Despite Tough Times, Insurance Industry Employee Benefits Secure

By | April 19, 2010

Independent insurance agencies and carriers face a hefty list of concerns for 2010 — profit margins, cash flow, sales volume and marketing, the down economy and the possibility that it might falter again. Yet that doesn’t mean companies are cutting employee benefits to build up reserves. Instead, insurance industry businesses are using more social marketing to develop business, a recent survey reveals.

From 2009 to 2010, the majority of companies (68.4 percent) that responded to San Diego Insurance Staffing’s “Competitor Survey” said they had not discontinued any employee benefits , such as 401(k) matching, medical and vacation pay, in 2009. And most (55.9 percent) had no plans to eliminate benefits in 2010 that they used to offer either.

Additionally, nearly 75 percent of respondents said they were not implementing hiring freezes in 2010, and if they did have to reduce benefits, they would only do so with sick pay and flexible schedules.

Independent agencies likewise said they did not plan on decreasing or reducing employee benefits, but if forced to do so, they would only cut costs with the 401(k) matching program or paid employee vacation time.

In fact, to keep staff motivated during tough economic times, many companies (58.1 percent) said they were providing incentives for a staff bonus, and 51.6 percent said they were providing staff party/lunches.

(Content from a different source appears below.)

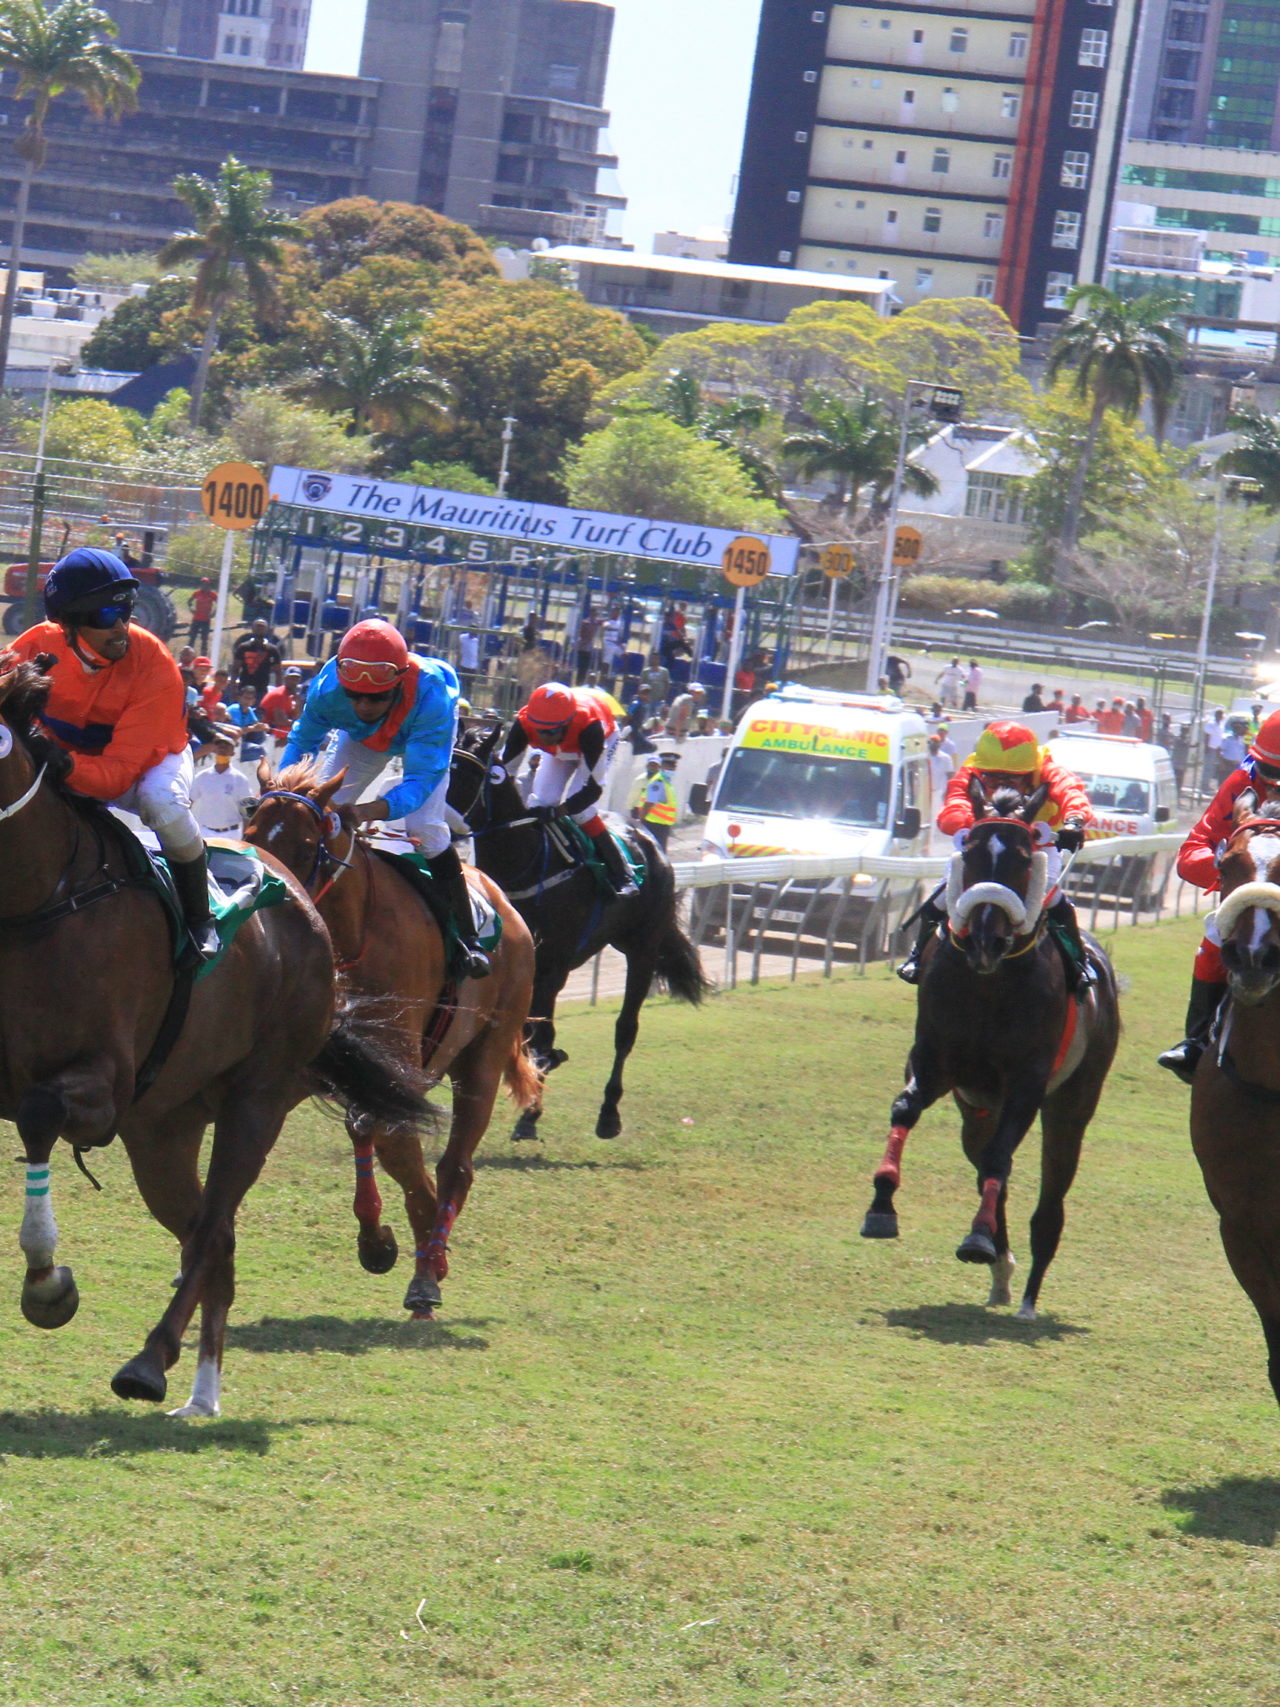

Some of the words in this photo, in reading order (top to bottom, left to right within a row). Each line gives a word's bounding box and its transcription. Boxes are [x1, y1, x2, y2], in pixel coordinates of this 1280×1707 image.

“Nationwide a lot of people were laid off in the past two years, and we were surprised that insurance companies were not changing or discontinuing benefits to save money. We figured they’d be doing something,” said Julie Brown, SDIS president. Many companies (46 percent) even said they were continuing to give cost of living pay increases to their staff as well.

While benefits may be secure, however, many companies are expecting employees to take on additional responsibilities. Nearly 73 percent said they were relying on their existing employees and cross-training them to take on additional roles.

To keep small commercial line accounts profitable, the majority of survey respondents said they service these clients in-house. The profit margin for these accounts with less than $5,000 in revenue, is in the 3 percent to 5 percent range, most respondents said.

By and large, companies said referrals from current clients were the most frequently used method of developing business. But independent agencies in particular said they were using a lot more social marketing in business development than in other classifications.